● Directions for this task: Reproduce the whole listing exactly and let no picture into the copy.

● Supplied records:
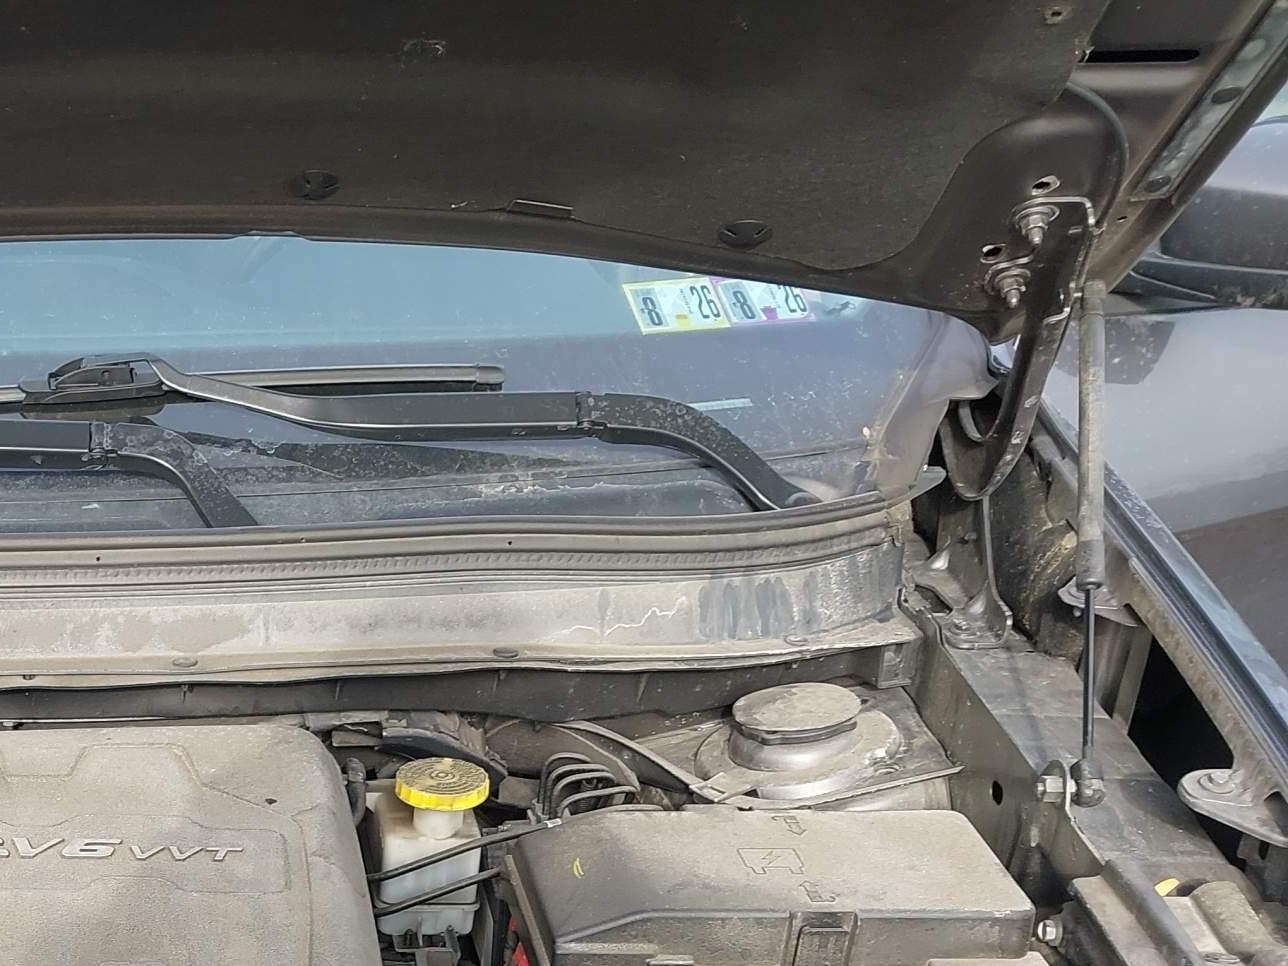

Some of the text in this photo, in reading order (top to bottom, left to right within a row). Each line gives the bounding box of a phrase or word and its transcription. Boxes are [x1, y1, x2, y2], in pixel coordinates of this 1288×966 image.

[641, 296, 663, 326] 8
[689, 284, 721, 320] 26
[732, 290, 756, 320] 8
[777, 284, 808, 314] 26
[13, 836, 244, 861] V6 VVT

● Response box:
Some of the text in this photo, in reading order (top to bottom, left to right within a row). Each line gives the bounding box of a phrase or word and its transcription. Boxes are [x1, y1, x2, y2], in pixel coordinates of this 1288×966 image.

[641, 296, 663, 326] 8
[689, 284, 721, 320] 26
[732, 290, 756, 320] 8
[777, 284, 808, 314] 26
[13, 836, 244, 861] V6 VVT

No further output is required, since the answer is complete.